(Collected data)
◇ ◇ ◇
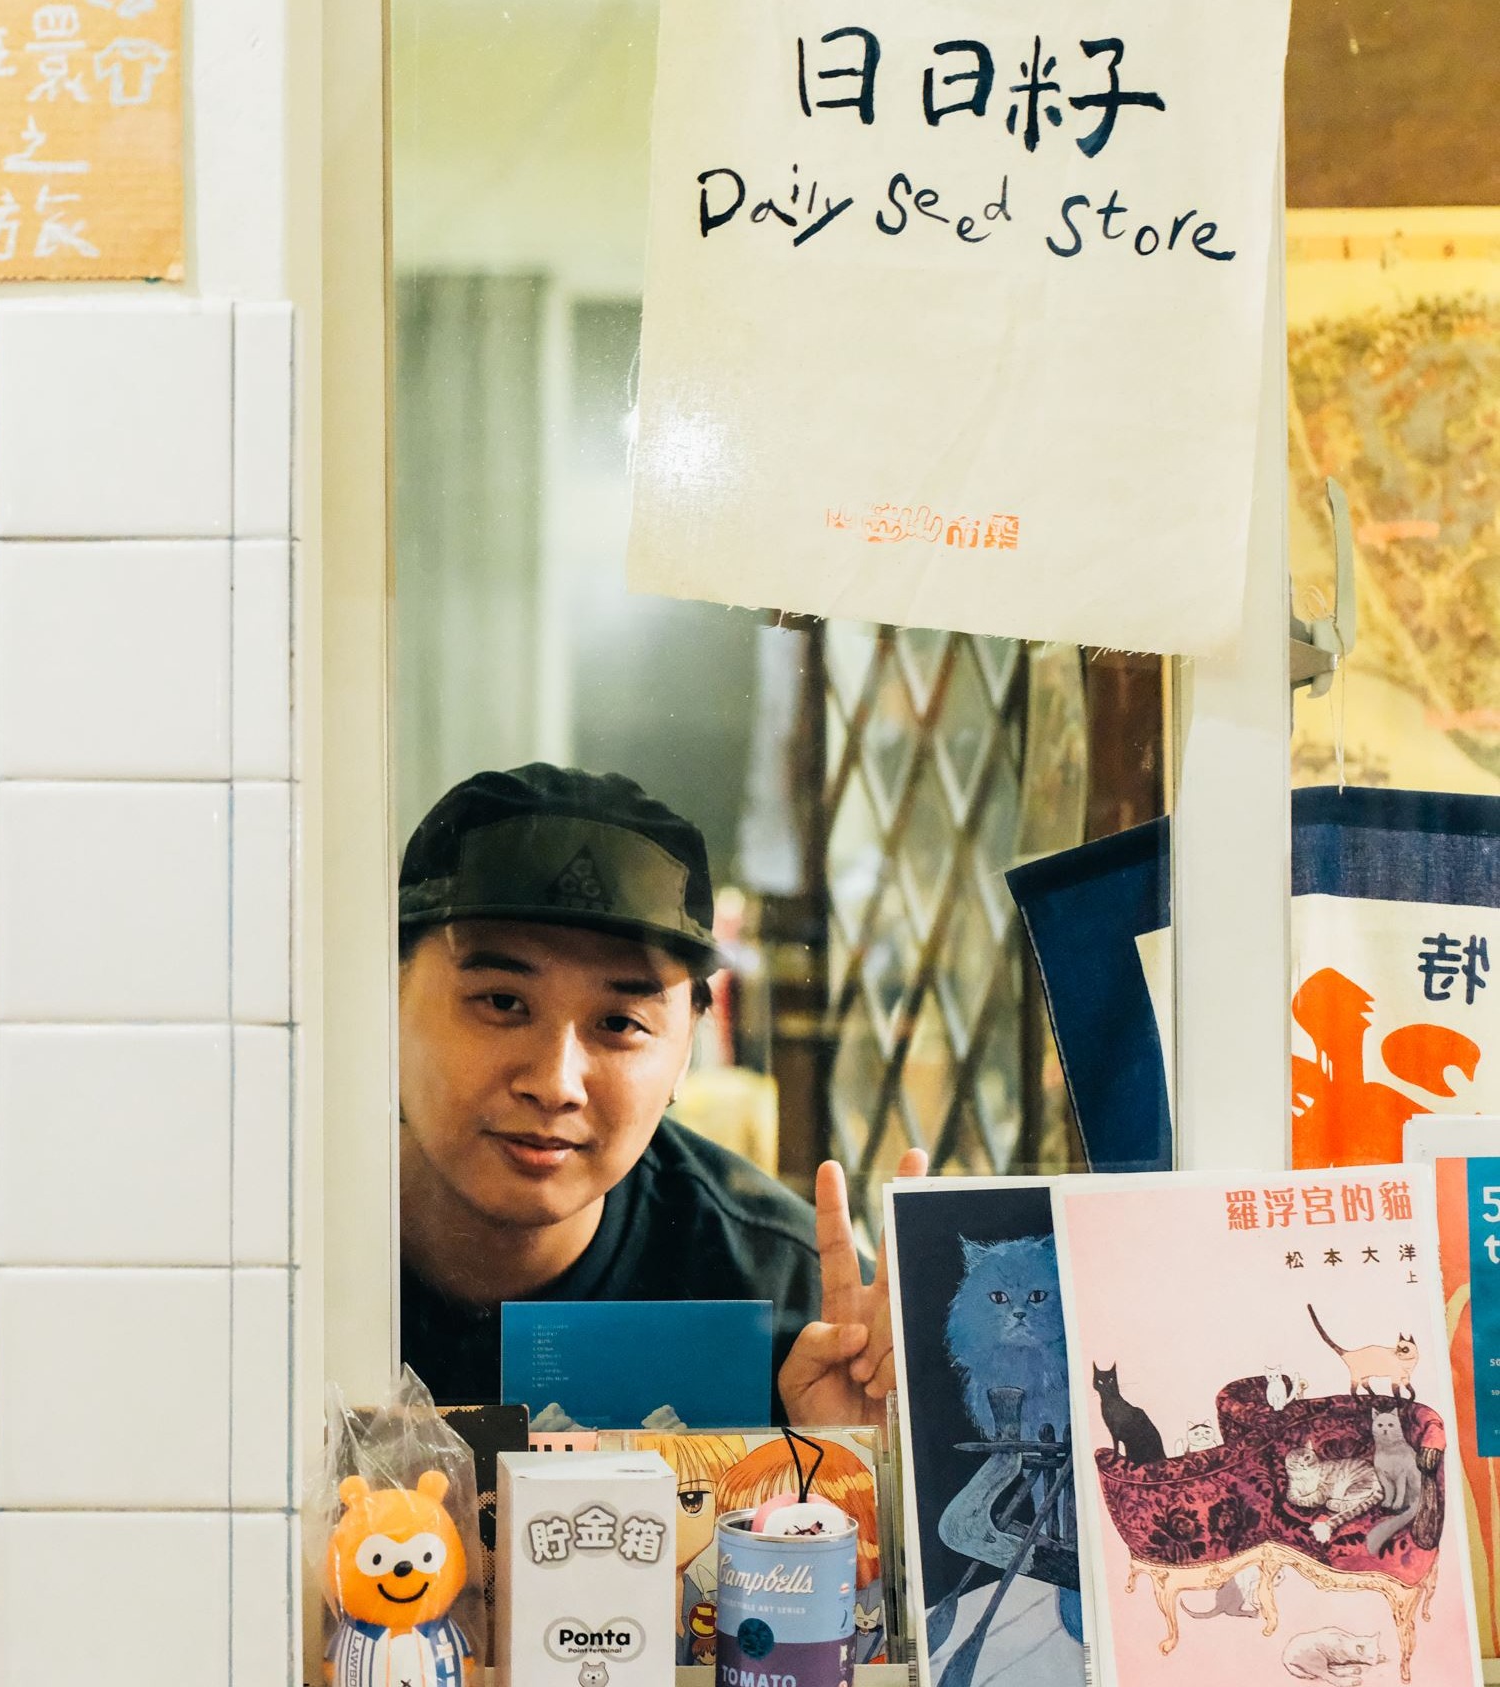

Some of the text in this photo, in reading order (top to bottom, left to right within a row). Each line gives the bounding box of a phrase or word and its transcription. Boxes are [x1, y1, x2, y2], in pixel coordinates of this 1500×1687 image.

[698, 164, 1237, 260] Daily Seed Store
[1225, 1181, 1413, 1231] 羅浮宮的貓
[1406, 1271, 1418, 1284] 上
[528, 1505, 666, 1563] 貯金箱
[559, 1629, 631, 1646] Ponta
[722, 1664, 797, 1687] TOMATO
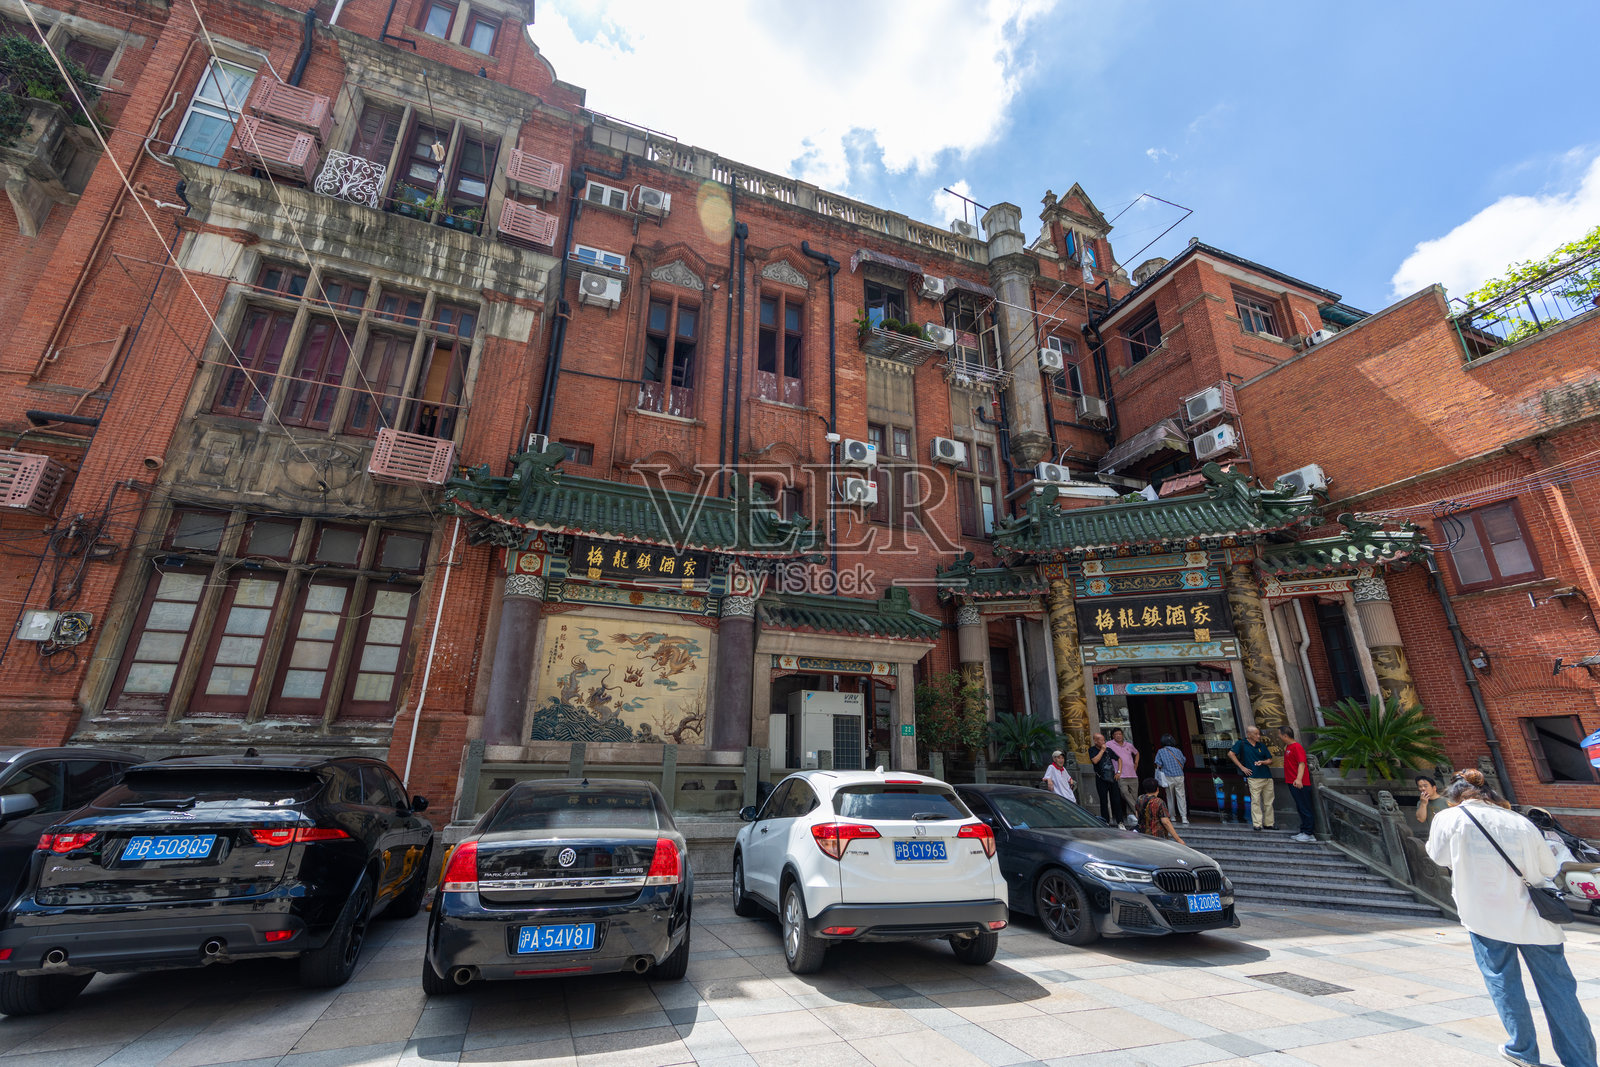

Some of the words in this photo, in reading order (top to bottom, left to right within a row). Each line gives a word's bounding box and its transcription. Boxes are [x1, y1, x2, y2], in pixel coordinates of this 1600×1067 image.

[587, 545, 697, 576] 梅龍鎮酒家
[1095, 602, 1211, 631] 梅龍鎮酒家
◇ ◇ ◇
### Your task
Each line above is to be repeated exactly as written; no picture is carried over.

### Task result
Some of the text in this photo, in reading order (top to bottom, left to right within a row). Each line gives the bounding box of a phrase or word and its transcription. Boxes are [x1, y1, x2, y2], in pixel coordinates of this 1500×1687 image.

[698, 164, 1237, 260] Daily Seed Store
[1225, 1181, 1413, 1231] 羅浮宮的貓
[1406, 1271, 1418, 1284] 上
[528, 1505, 666, 1563] 貯金箱
[559, 1629, 631, 1646] Ponta
[722, 1664, 797, 1687] TOMATO

Some of the words in this photo, in reading order (top to bottom, left to right within a row). Each line gives a word's bounding box and its transcription. Boxes are [x1, y1, x2, y2], in pixel coordinates of this 1600×1067 image.

[587, 545, 697, 576] 梅龍鎮酒家
[1095, 602, 1211, 631] 梅龍鎮酒家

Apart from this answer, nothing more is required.